Task instructions
For this task, copy all of the data below exactly and skip the pictures.

▬▬▬

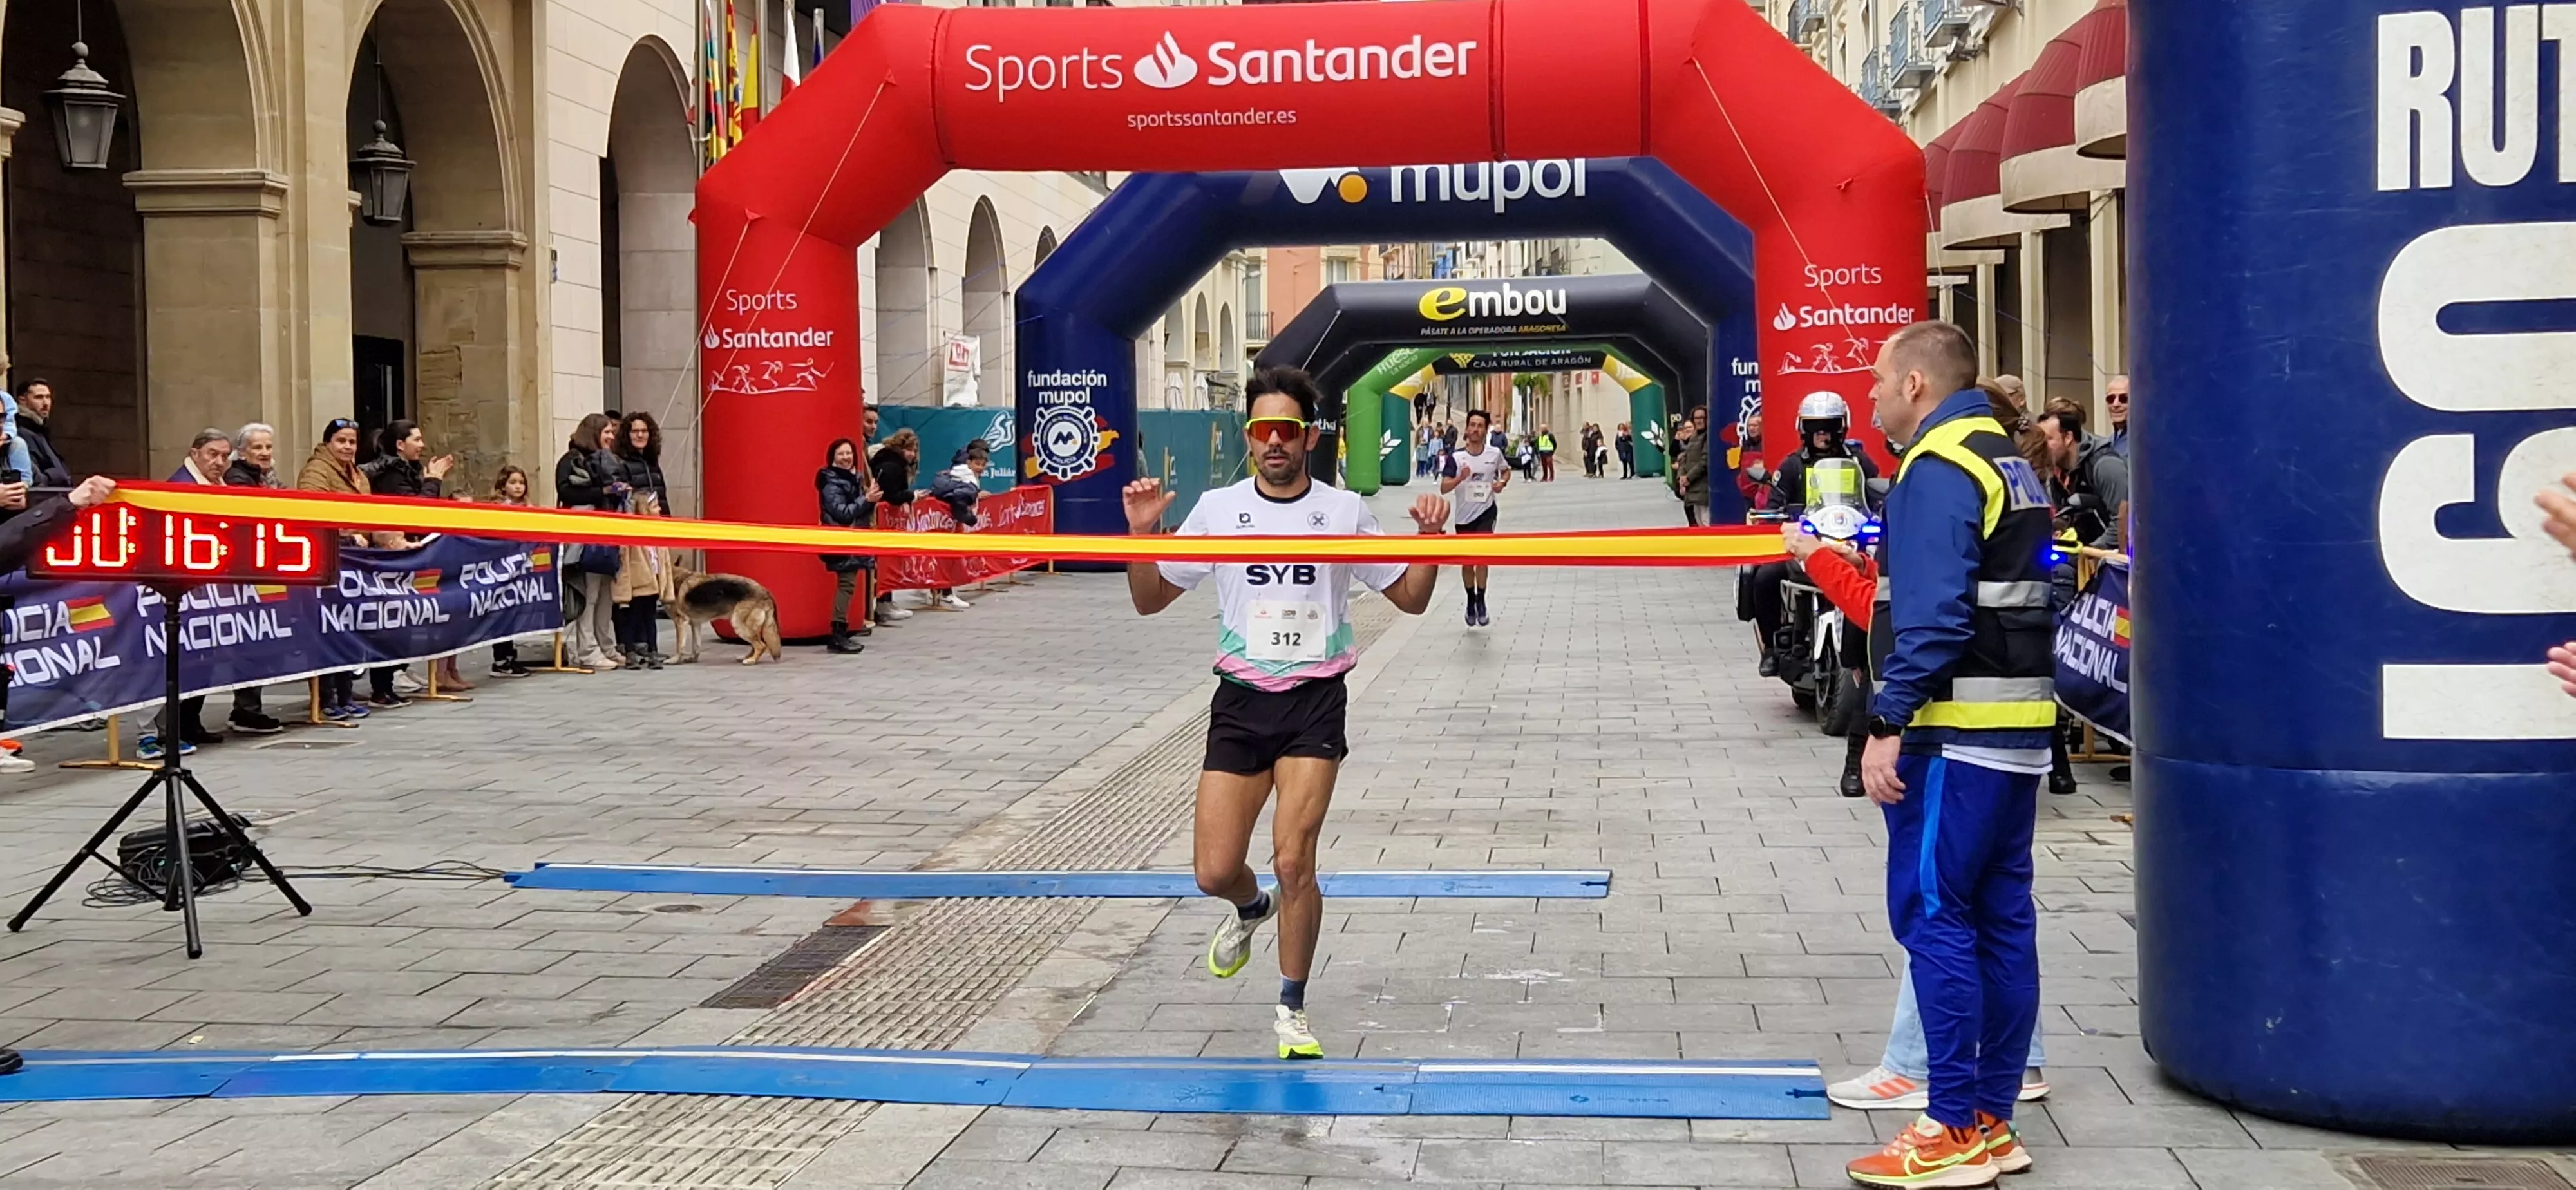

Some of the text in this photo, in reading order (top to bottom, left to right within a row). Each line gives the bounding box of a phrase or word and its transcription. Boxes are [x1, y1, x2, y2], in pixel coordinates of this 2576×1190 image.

[964, 35, 1477, 102] Sports Santander
[1127, 108, 1296, 131] sportssantander.es
[1390, 156, 1586, 213] mupol
[1804, 263, 1882, 291] Sports
[726, 289, 798, 316] Sports
[1419, 282, 1567, 321] embou
[1799, 303, 1915, 328] Santander
[722, 327, 834, 349] Santander
[1473, 355, 1591, 368] CAJA RURAL DE ARAGÓN
[1731, 357, 1759, 375] fun
[1027, 368, 1108, 388] fundación
[1038, 386, 1090, 406] mupol
[1245, 564, 1317, 585] SYB
[469, 577, 553, 619] NACIONAL
[321, 598, 451, 634] NACIONAL
[1271, 631, 1302, 646] 312
[2052, 624, 2128, 694] NACIONAL
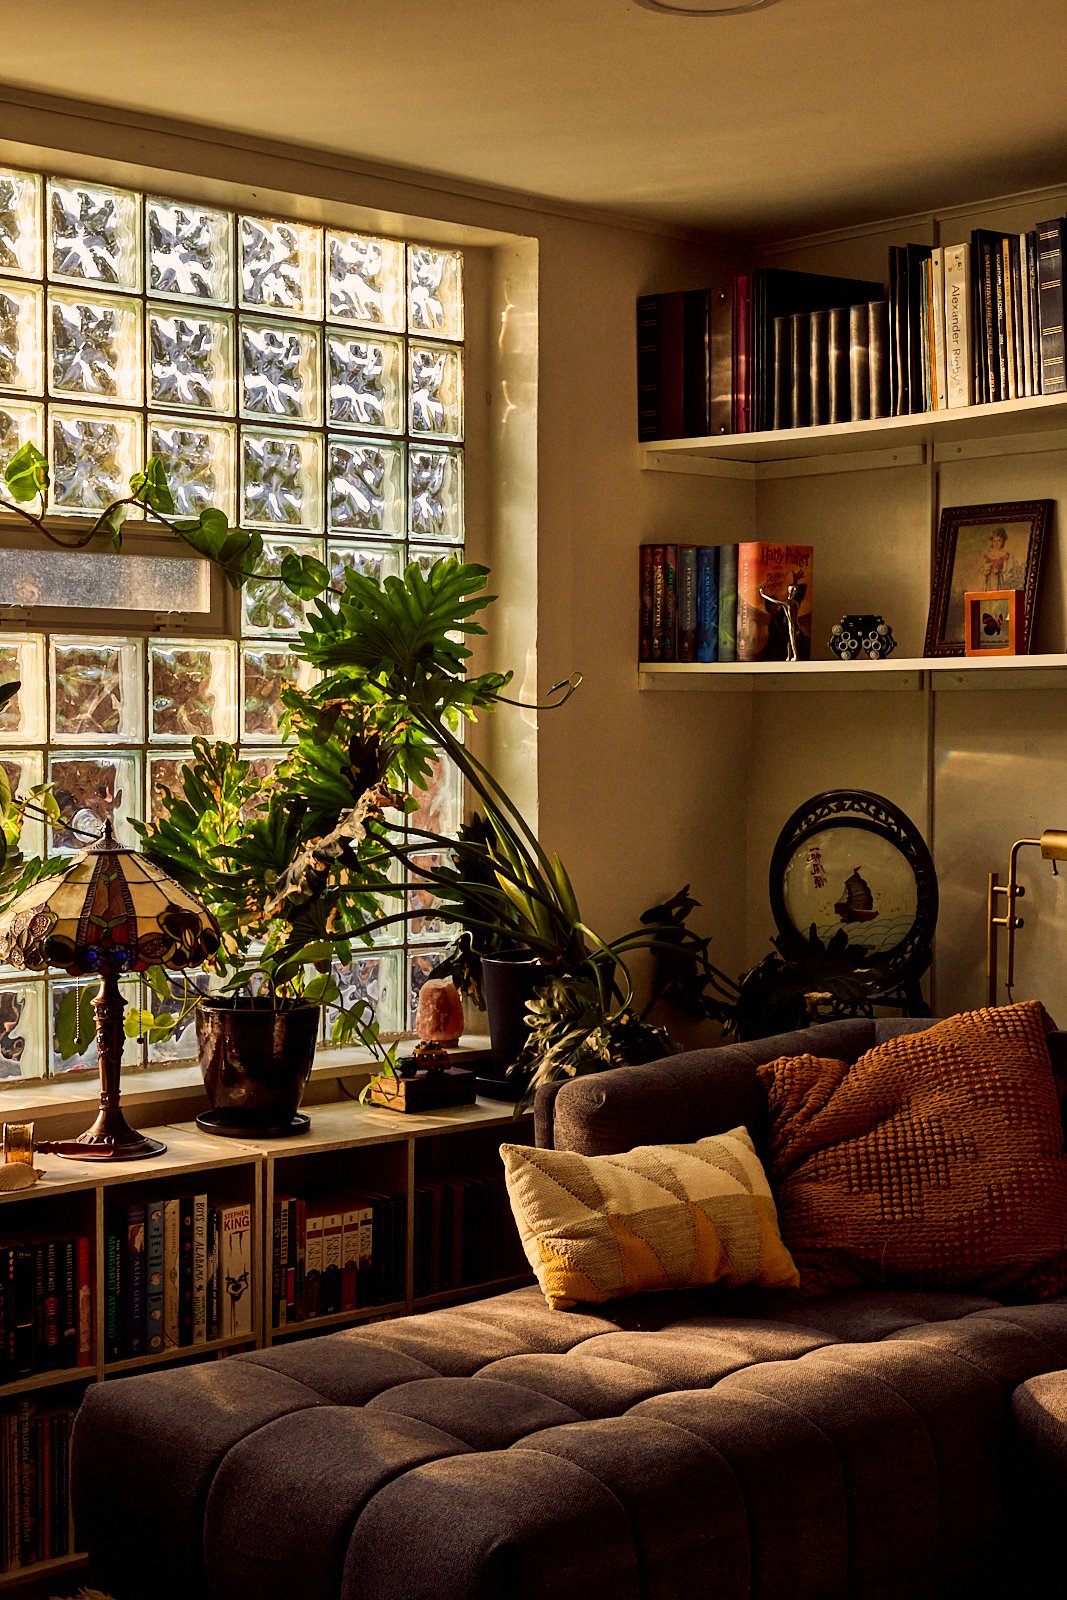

▬▬▬

Output for this exercise
Some of the text in this photo, in reading order (top to bottom, left to right within a row). Each line gives the bounding box of a phrase or word and its transcription. Boxes are [x1, y1, x2, y2], in pixel coordinates of this 2576×1190 image.

[964, 35, 1477, 102] Sports Santander
[1127, 108, 1296, 131] sportssantander.es
[1390, 156, 1586, 213] mupol
[1804, 263, 1882, 291] Sports
[726, 289, 798, 316] Sports
[1419, 282, 1567, 321] embou
[1799, 303, 1915, 328] Santander
[722, 327, 834, 349] Santander
[1473, 355, 1591, 368] CAJA RURAL DE ARAGÓN
[1731, 357, 1759, 375] fun
[1027, 368, 1108, 388] fundación
[1038, 386, 1090, 406] mupol
[1245, 564, 1317, 585] SYB
[469, 577, 553, 619] NACIONAL
[321, 598, 451, 634] NACIONAL
[1271, 631, 1302, 646] 312
[2052, 624, 2128, 694] NACIONAL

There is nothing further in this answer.